• _Activity_
Pictures aside, return every line below exactly as written.

Stored data entries:
════

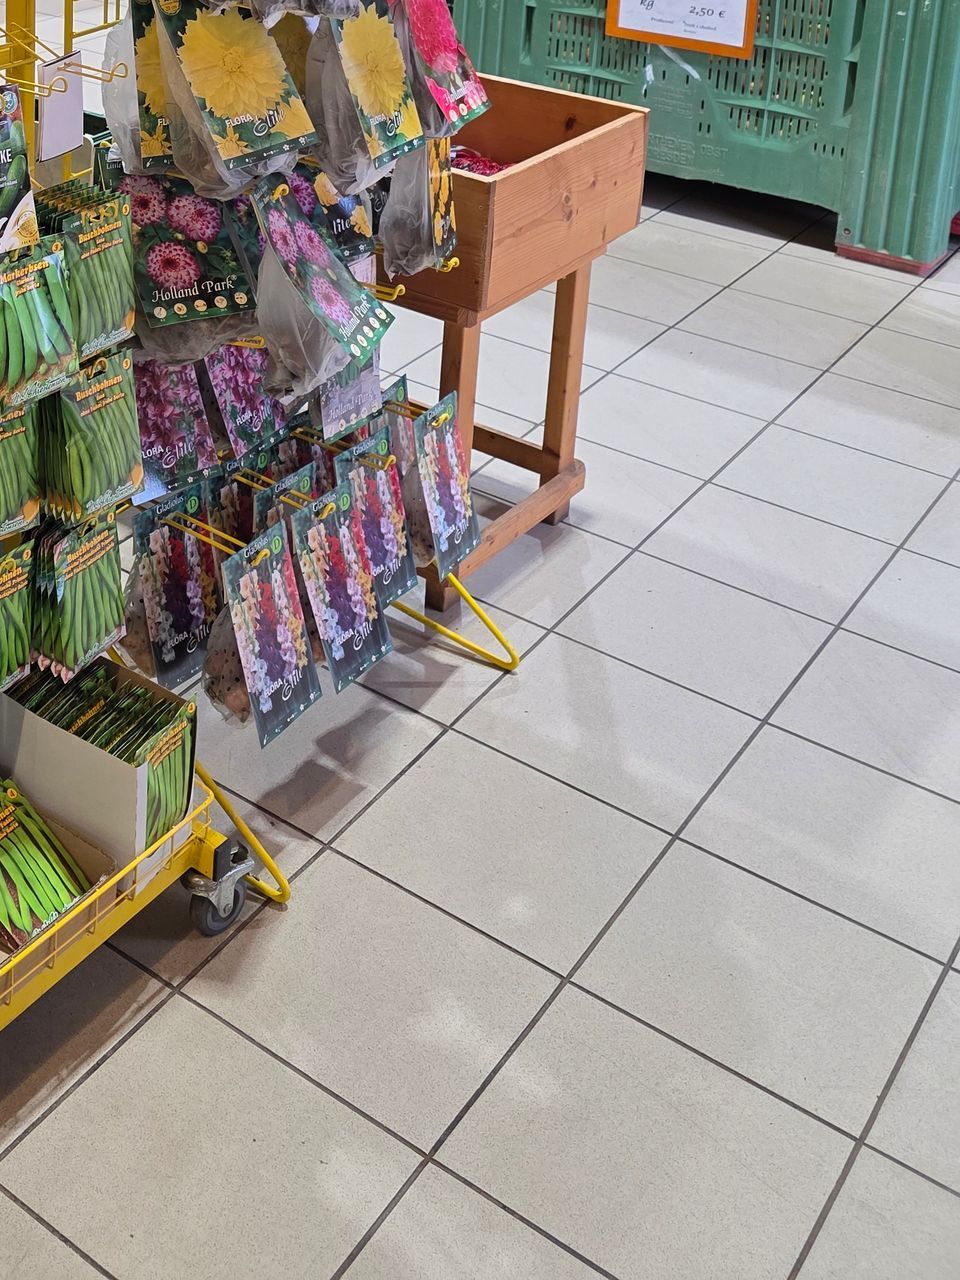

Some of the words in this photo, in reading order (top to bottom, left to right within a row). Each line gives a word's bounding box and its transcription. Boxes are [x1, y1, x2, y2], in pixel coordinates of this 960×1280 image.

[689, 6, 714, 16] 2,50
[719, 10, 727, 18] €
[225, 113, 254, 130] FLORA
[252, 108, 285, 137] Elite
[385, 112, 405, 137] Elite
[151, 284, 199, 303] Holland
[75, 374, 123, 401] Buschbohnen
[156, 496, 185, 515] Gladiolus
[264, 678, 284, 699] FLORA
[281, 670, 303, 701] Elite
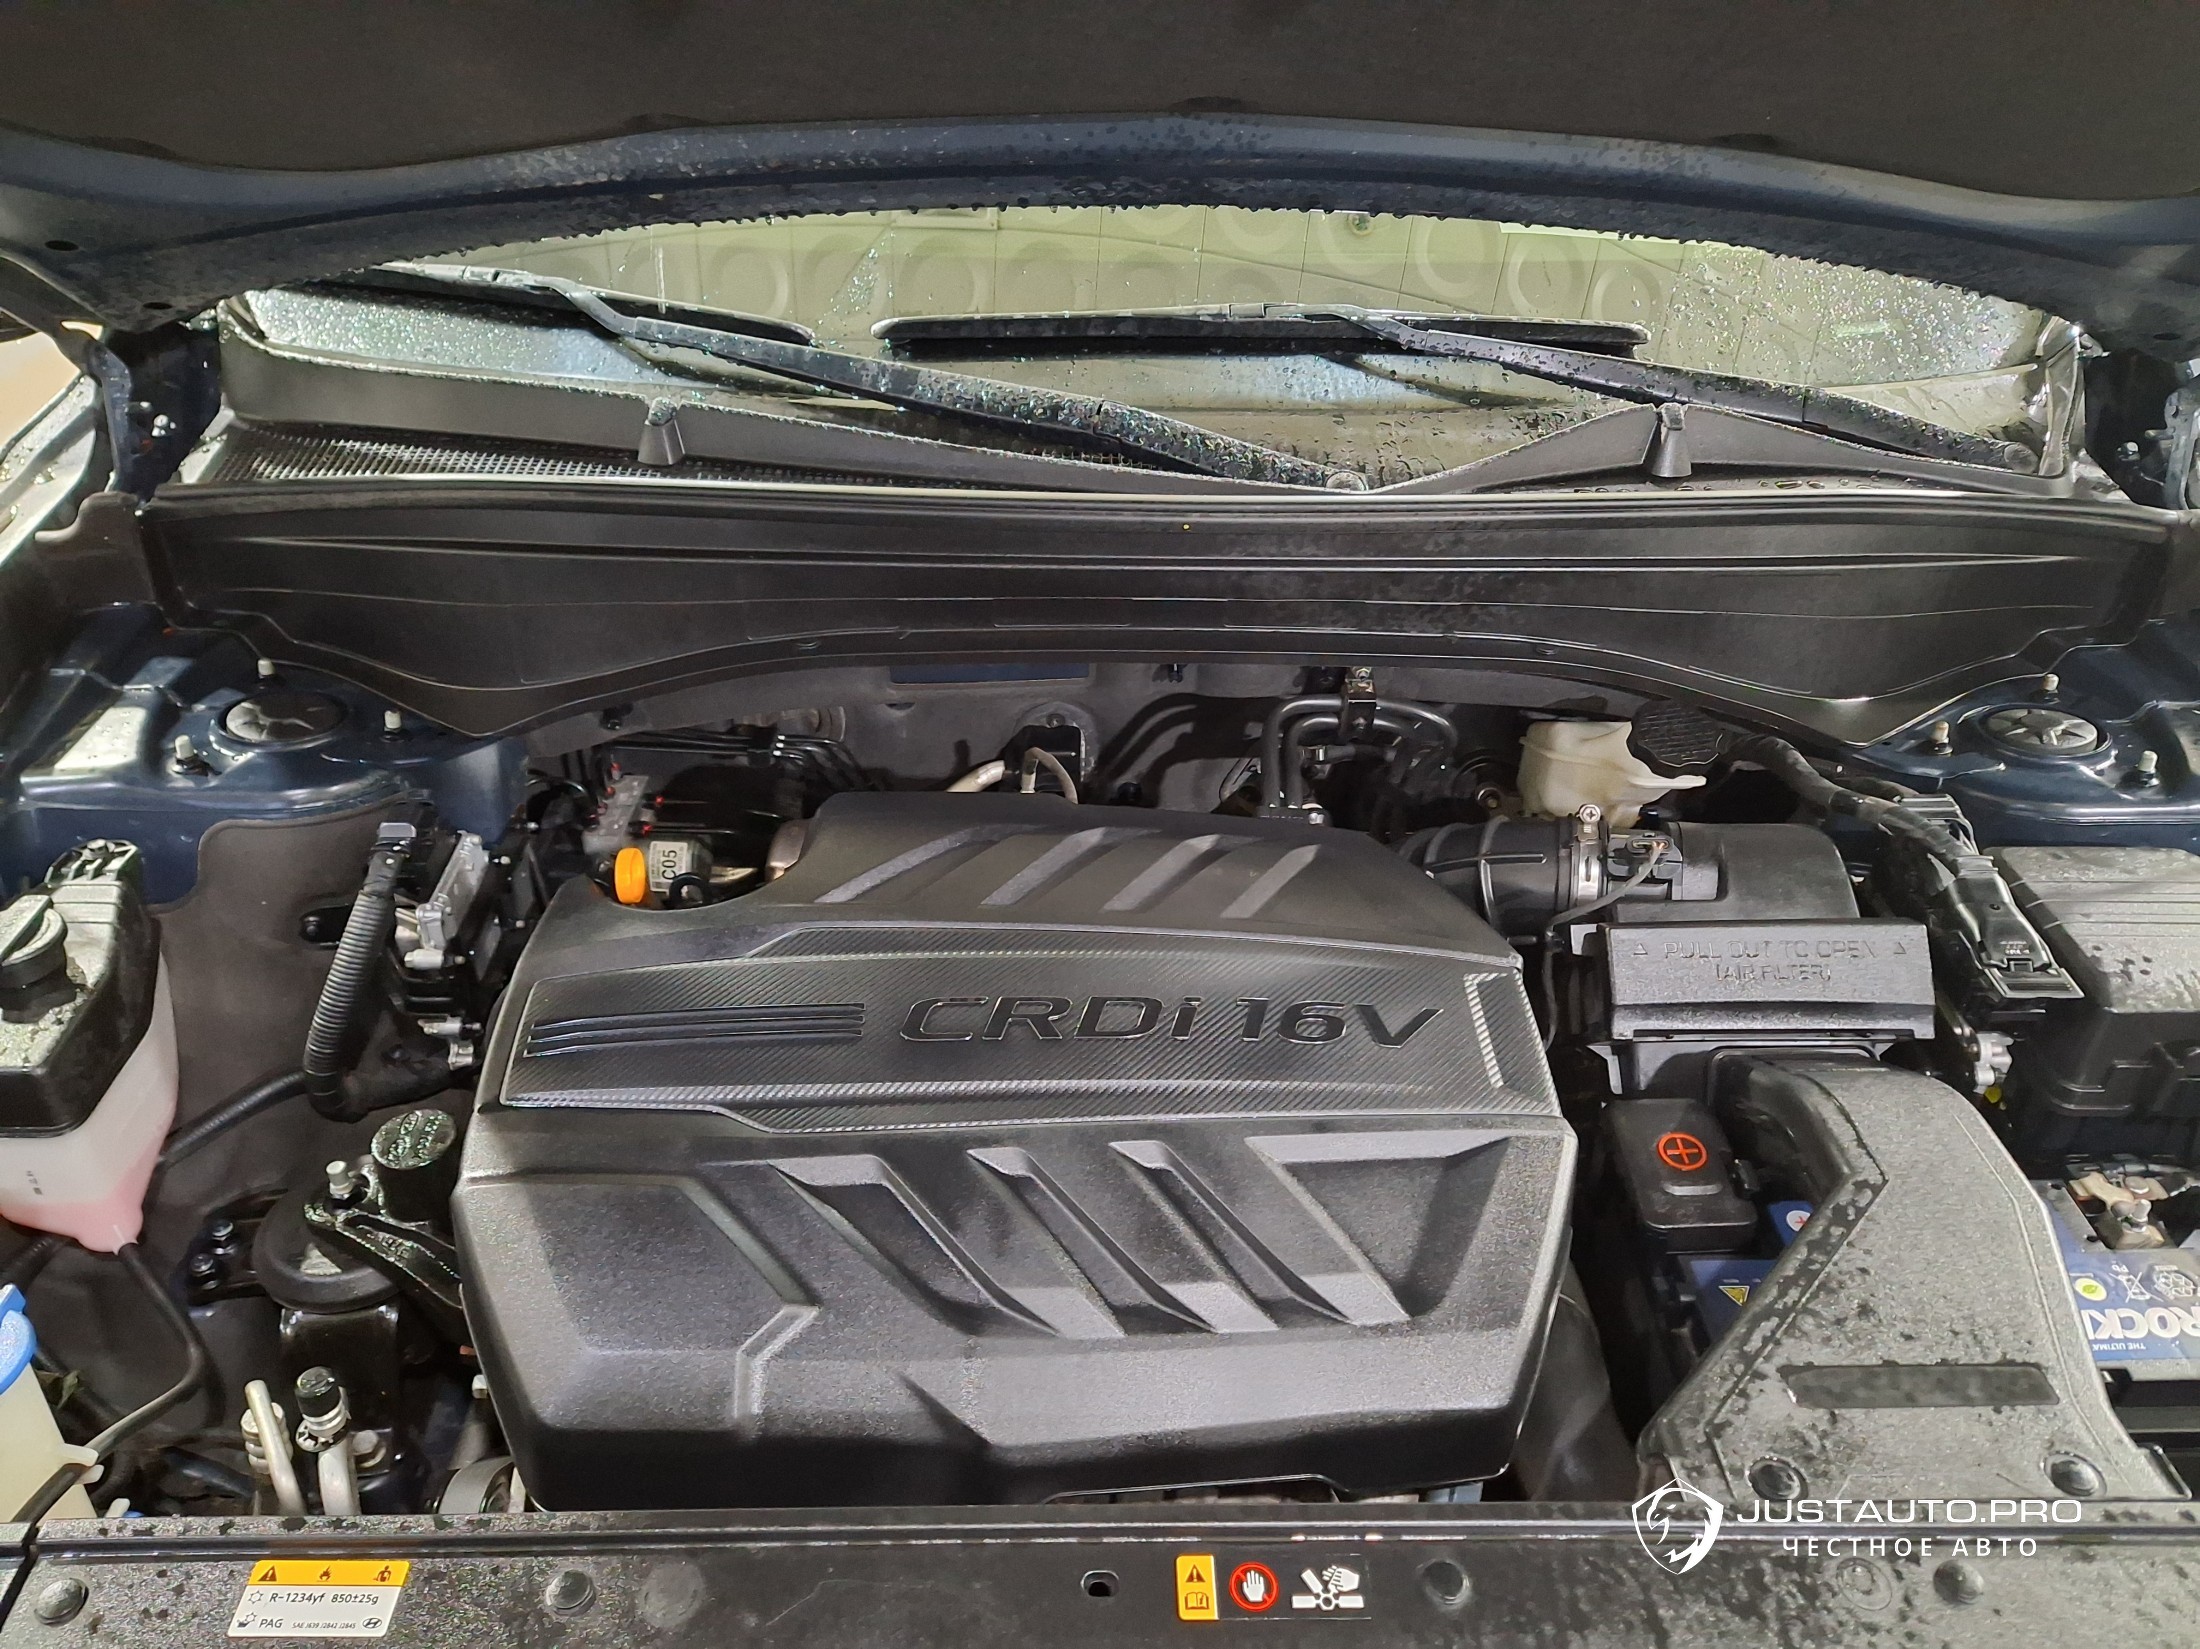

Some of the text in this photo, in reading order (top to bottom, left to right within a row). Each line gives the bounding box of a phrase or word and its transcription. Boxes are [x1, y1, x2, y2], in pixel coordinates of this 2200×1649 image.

════

• _Answer space_
Some of the words in this photo, in reading order (top to bottom, left to right within a row). Each line gives a word's bounding box and its transcription. Boxes are [x1, y1, x2, y2], in pixel coordinates of this 960×1280 image.

[689, 6, 714, 16] 2,50
[719, 10, 727, 18] €
[225, 113, 254, 130] FLORA
[252, 108, 285, 137] Elite
[385, 112, 405, 137] Elite
[151, 284, 199, 303] Holland
[75, 374, 123, 401] Buschbohnen
[156, 496, 185, 515] Gladiolus
[264, 678, 284, 699] FLORA
[281, 670, 303, 701] Elite

Some of the text in this photo, in reading order (top to bottom, left to right within a row). Each line gives the bounding box of a phrase or word and its transcription. Boxes are [x1, y1, x2, y2], in pixel coordinates of this 2200×1649 image.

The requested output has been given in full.